Cytometry A. 2014 Jul;85(7):642-9. doi: 10.1002/cyto.a.22480. Epub 2014 Jun 17.
Primary patient samples are the gold standard for molecular investigations of tumor biology yet are difficult to acquire, heterogeneous in nature and variable in size. Patient-derived xenografts (PDXs) comprised of primary tumor tissue cultured in host organisms such as nude mice permit the propagation of human tumor samples in an in vivo environment and closely mimic the phenotype and gene expression profile of the primary tumor. Although PDX models reduce the cost and complexity of acquiring sample tissue and permit repeated sampling of the primary tumor, these samples are typically contaminated by immune, blood, and vascular tissues from the host organism while also being limited in size. For very small tissue samples (on the order of 10(3) cells) purification by fluorescence-activated cell sorting (FACS) is not feasible while magnetic activated cell sorting (MACS) of small samples results in very low purity, low yield, and poor viability. We developed a platform for imaging cytometry integrated with micropallet array technology to perform automated cell sorting on very small samples obtained from PDX models of pancreatic and colorectal cancer using antibody staining of EpCAM (CD326) as a selection criteria. These data demonstrate the ability to automate and efficiently separate samples with very low number of cells.

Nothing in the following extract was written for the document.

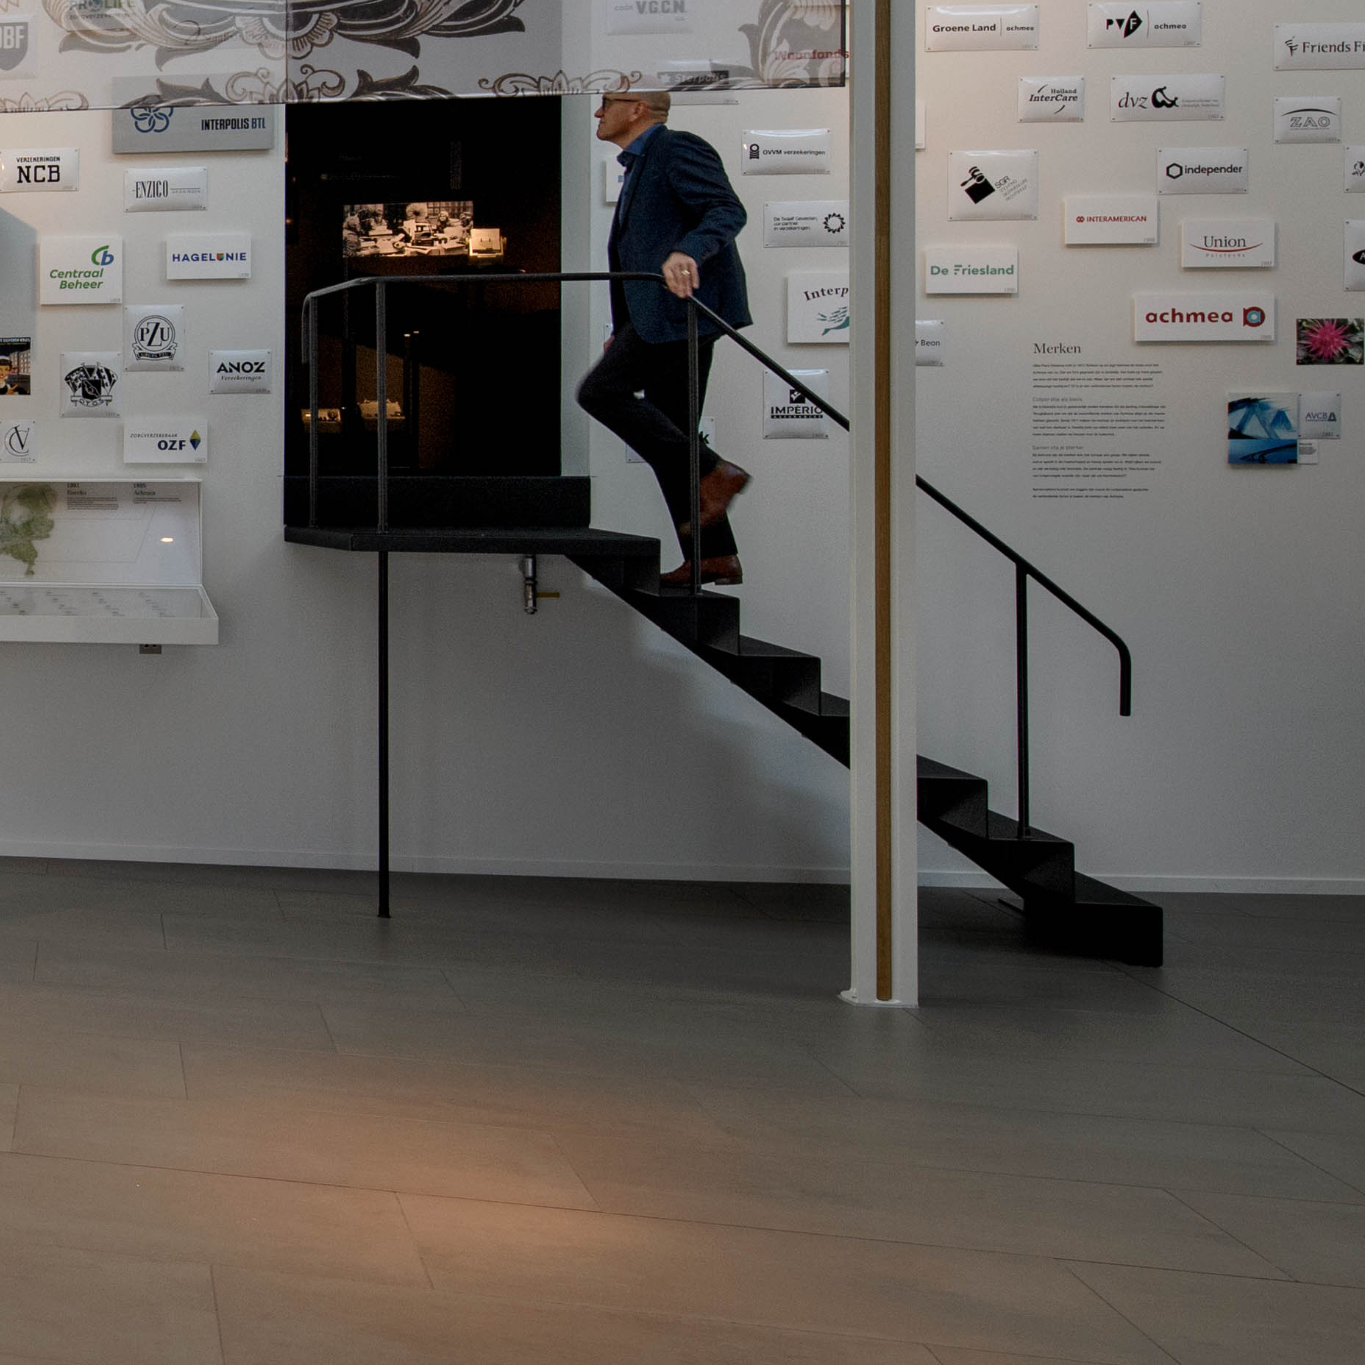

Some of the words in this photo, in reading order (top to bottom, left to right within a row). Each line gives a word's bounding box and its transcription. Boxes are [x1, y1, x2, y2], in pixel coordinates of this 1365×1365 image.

原发性患者样本是肿瘤生物学分子研究的金标准,但难以获取,本质上具有异质性且大小不一。由在裸鼠等宿主生物体中培养的原发性肿瘤组织组成的患者来源异种移植瘤(PDX),能使人类肿瘤样本在体内环境中增殖,并紧密模拟原发性肿瘤的表型和基因表达谱。尽管PDX模型降低了获取样本组织的成本和复杂性,并允许对原发性肿瘤进行重复采样,但这些样本通常会被宿主生物体的免疫、血液和血管组织污染,而且大小也有限。对于非常小的组织样本(约10³个细胞),通过荧光激活细胞分选(FACS)进行纯化不可行,而对小样本进行磁性激活细胞分选(MACS)会导致纯度极低、产量低和活力差。我们开发了一个集成微板阵列技术的成像细胞术平台,以EpCAM(CD326)抗体染色作为选择标准,对从胰腺癌和结直肠癌的PDX模型中获得的非常小的样本进行自动细胞分选。这些数据证明了对细胞数量极少的样本进行自动化和高效分离的能力。